Published in Crossness Record – apologies for publishing without their consent – due to difficulties in contacting them.

Crane Exported From London

The elderly grey-painted Stothert & Pitt crane, used to unload the small sand and gravel carrying motor ships of J. J. Prior Ltd at their wharf on Deptford Creek has recently been replaced by a tall PLA-type crane of the kind common in the larger London docks about 30 years ago. J. J. Prior carefully dismantled the old crane and it left the Creek on one of their vessels about Friday, 8th September 2006.

Bob Carr - from GLIAS Newsletter.

Siemens Brothers Engineering Society

Members will remember that Siemens Brothers Engineering Society have produced a catalogue of items in their possession. Brian Middlemiss, their Secretary and GIHS member, has written to tell us that following a recent large donation of archive material to the Engineering Society, they have now produced a formal Supplement to this Main Archive Material Catalogue. They have been kind enough to supply us with a copy of the Supplement to be associated with the Main Catalogue previously supplied in 2004. They point out that the need to produce this Supplement was triggered by the sad death of Bill Speller, one of their Members, following which his family made a large donation of archive material to the Society. They took the opportunity to include in the Supplement all the other donations received since publication of the Main Catalogue in June 2004. There will be no further Supplements – all subsequent donations will be treated as 'private donations' and passed, with a covering letter, to an appropriate new holder. The Supplement lists all the items donated, with the identity of the new holders to whom they have been given for the benefit of future generations and researchers.

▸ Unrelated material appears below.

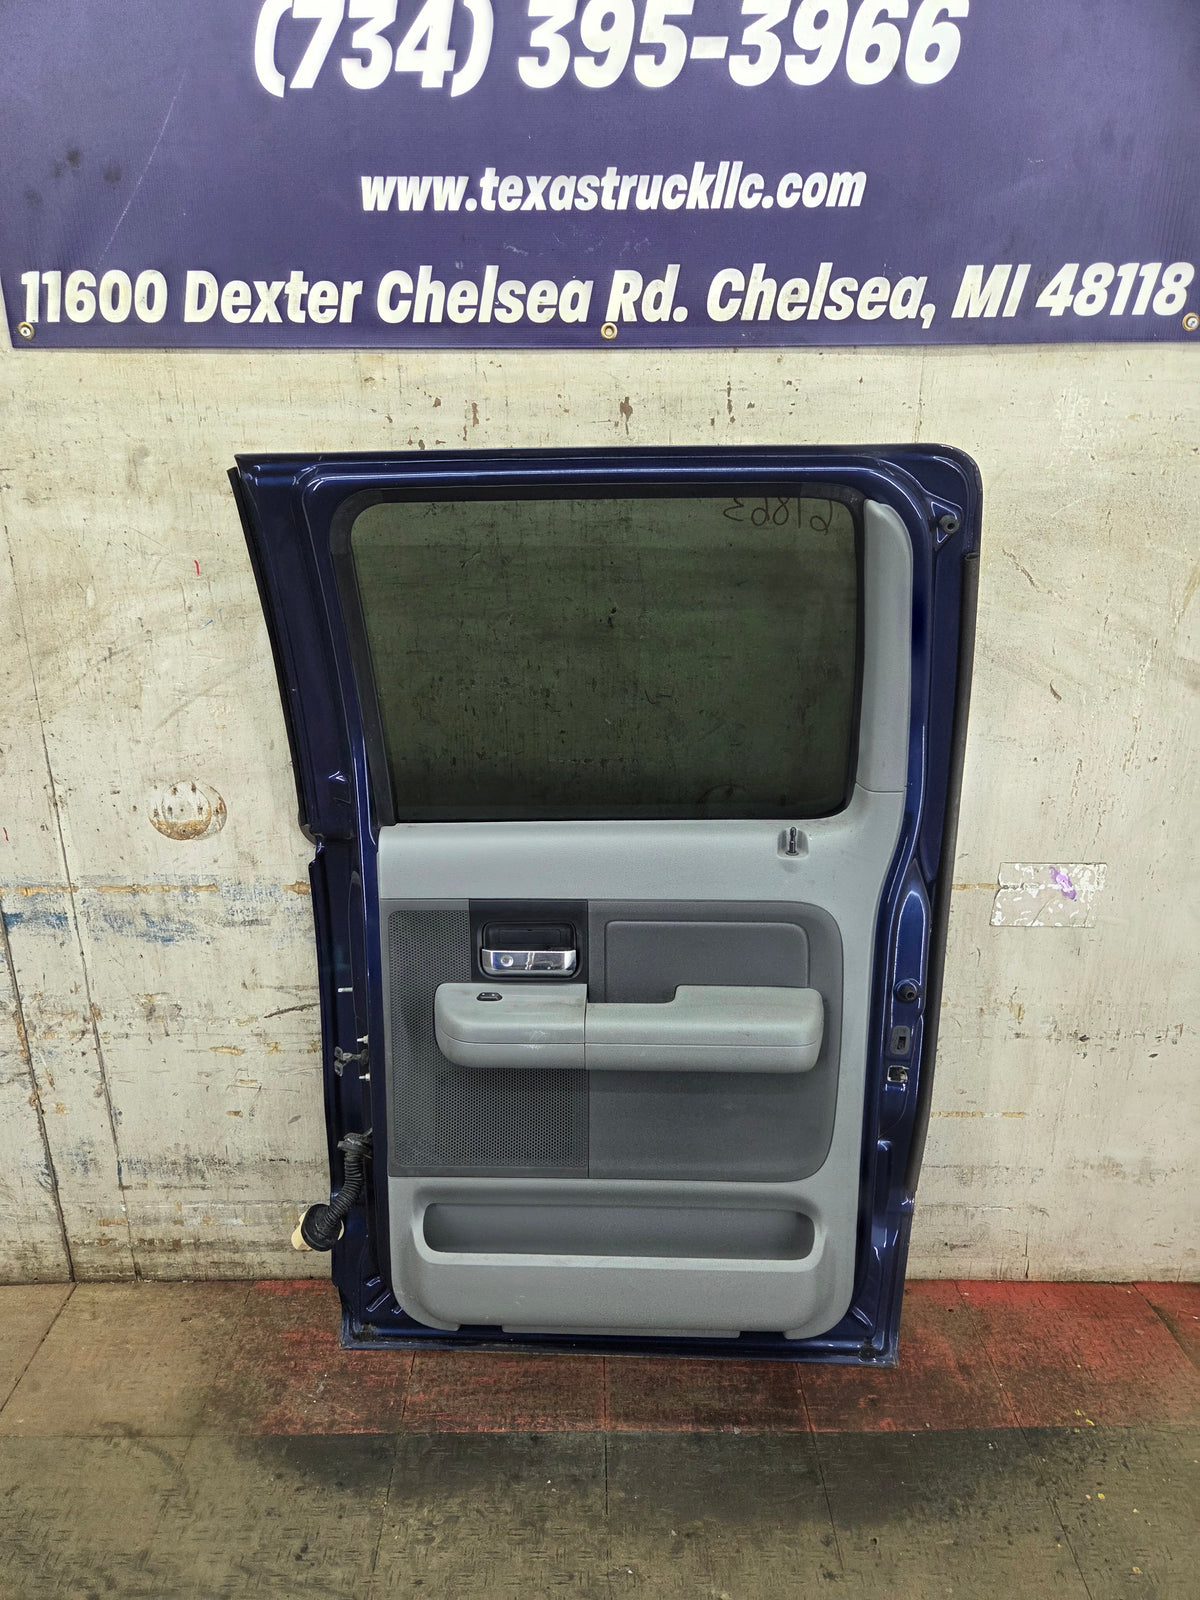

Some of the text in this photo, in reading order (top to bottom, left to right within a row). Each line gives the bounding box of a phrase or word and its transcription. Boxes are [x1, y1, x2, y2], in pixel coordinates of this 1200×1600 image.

[253, 0, 971, 98] (734) 395-3966
[360, 160, 867, 212] www.texastruckllc.com
[20, 261, 1195, 329] 11600 Dexter Chelsea Rd. Chelsea, MI 48118

The Society remains indebted to Siemens, UK, Corporate Communications who continue to support their activities and have facilitated the printing and binding of the Supplement.


by Philip Binns

Over the past couple of months the group has looked at planning issues for a very wide range of buildings. This, very concise, report mentions some of them.

Woolwich Common Reservoir. Academy Road. SE18 – application for in-filling of existing reservoir and temporary use of site as a site compound including access to Academy Road. Concern at the loss of trees and at the formation of a new pavement crossover. If approval is granted it should be conditional on an exact reversion of the site to its present condition, including the planting of replacement trees, the making good of the pavement crossover and the reinstatement of gates and fencing.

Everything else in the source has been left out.